Many legal jurisdictions. Don't want to perform a function on Patriot Act "protected" systems then move the function elsewhere.
Many SLAs.
Many data driven pricing policies that like airplane pricing algorithms will price "seats" to maximize profit using multi-variate time sensitive pricing models.
Many competitive products. The need to defend your territory never seems to go away. Though what will map to scent-marking I'm not sure.
Many and evolving resource gradients.
Big concurrency. Everyone and everything is a potential source of real-time data that needs to processed in parallel to be processed at all within tolerable latencies.
Big redundancy. Redundant nodes in an unpredictable world will provide cover for component failures and workers to take over when another fails.
Big crushing transient traffic spikes as new mega worldwide social networks rapidly shift their collective attention from new shiny thing to new shiny thing.
Big increases in application complexity to keep streams synchronized acrosss networks. Event handling will go off the charts as networks grow larger and denser and intelligent behaviour attaches to billions of events generated per second.
Big data. Sources and amounts of historical and real-time data are increasing at increasing rates.

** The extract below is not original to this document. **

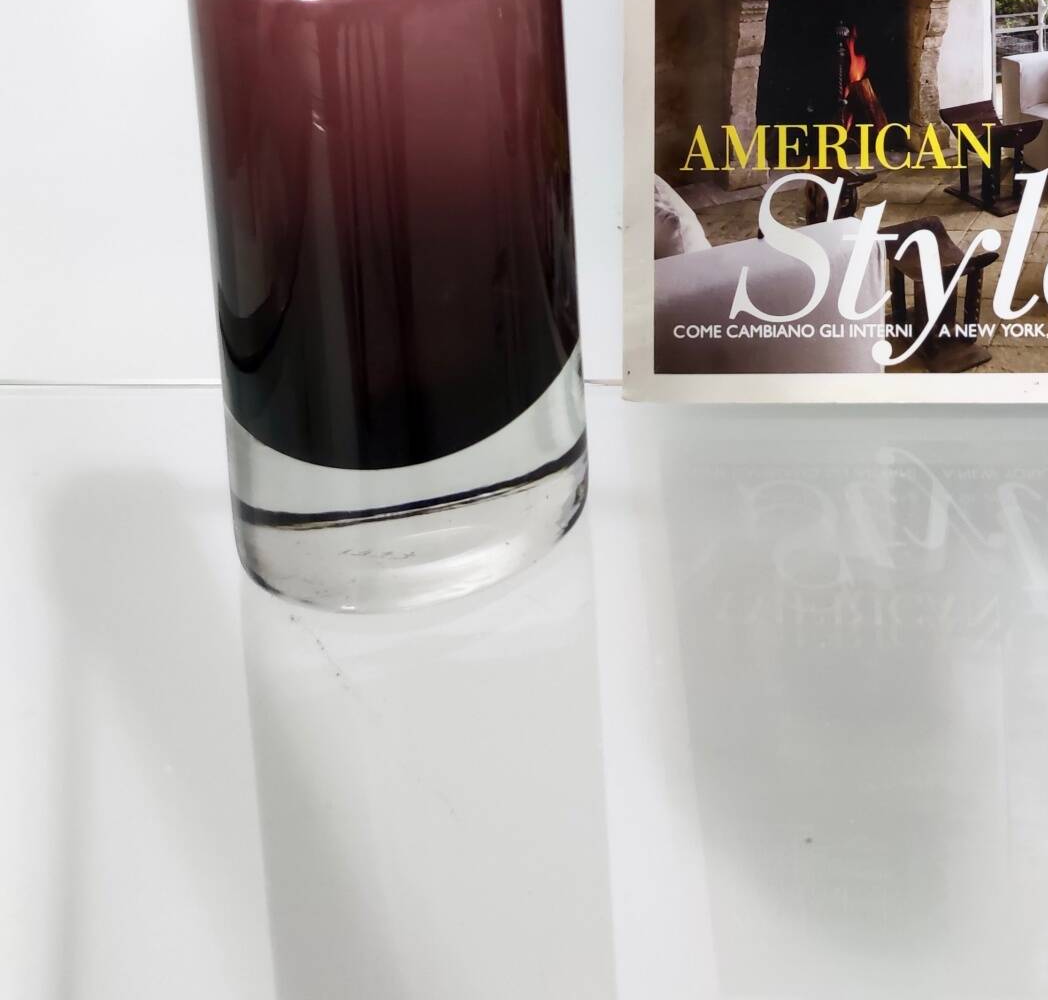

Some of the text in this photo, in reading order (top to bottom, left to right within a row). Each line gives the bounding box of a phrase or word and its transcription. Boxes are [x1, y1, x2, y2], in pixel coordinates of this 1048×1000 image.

This challenging, energetic, ever changing world is a very different looking world than today. It's as if Bambi was dropped into the middle of a Velociraptor pack.

How can we design software systems to take advantage of the new world? Adaptation is the powerful unifying concept tying together how we can respond to its challenges. It's at the heart of the black box. Today's standard architectures do not deal well adaptation. Even something as simple as adapting elastically to varying CPU demands is considered a major architectural change.

The future will be more biologically inspired. Crazy numbers of resources. Crazy numbers of options. Crazy activity. Crazy speeds. Crazy change. Redundancy. Independent action without a centralized controller. Failure is an option and is key for creating fitter applications. Transient alliances form to carry out a task and disband. Independent evolution. And an eye constantly focused on more competitive organisms. It's an approach with less predictably and order than will be comfortable.

Potential Ideas and Technologies for the Ambient Cloud

While there's no clear blueprint for how to create this future, there are deep and compelling hints of what technologies and ideas could be part of the solution. We are going to cover some of these next.

Compute Grid

The Ambient Cloud excels as a compute grid, where a compute grid is a framework that supports parallel execution. As we've already talked about this potential of the Ambient Cloud in our discussion of Plura Processing, I won't go into more detail here.

The Ambient Cloud is a Runtime, Not a Platform

Imagine you are chunk of running code. When you look out, what do you see? The answer, for me, defines the difference between a runtime and a platform.

On a platform you see only what the platform provider allows you to see. In a runtime you see whatever you built the program to see and whatever is out there to talk to in whatever language the things want to talk in. It seems a subtle difference, but it's actually quite major.

The power of a platform like Google App Engine (GAE) comes as much from what you can't do as much as what you can do using Google's baked in services. In GAE you don't have access to the machine you run on, you can't spawn threads, you can't access many built-in APIs, there are quotas on CPU use, and you can only access the external world through a limited set of APIs or through HTTP, as long you can do it in less than 30 seconds. You live in a virtualized world. I'm not in anyway saying this is bad. There are very good and valid reasons for all these restrictions. The problem comes when you need to do something outside what is permitted.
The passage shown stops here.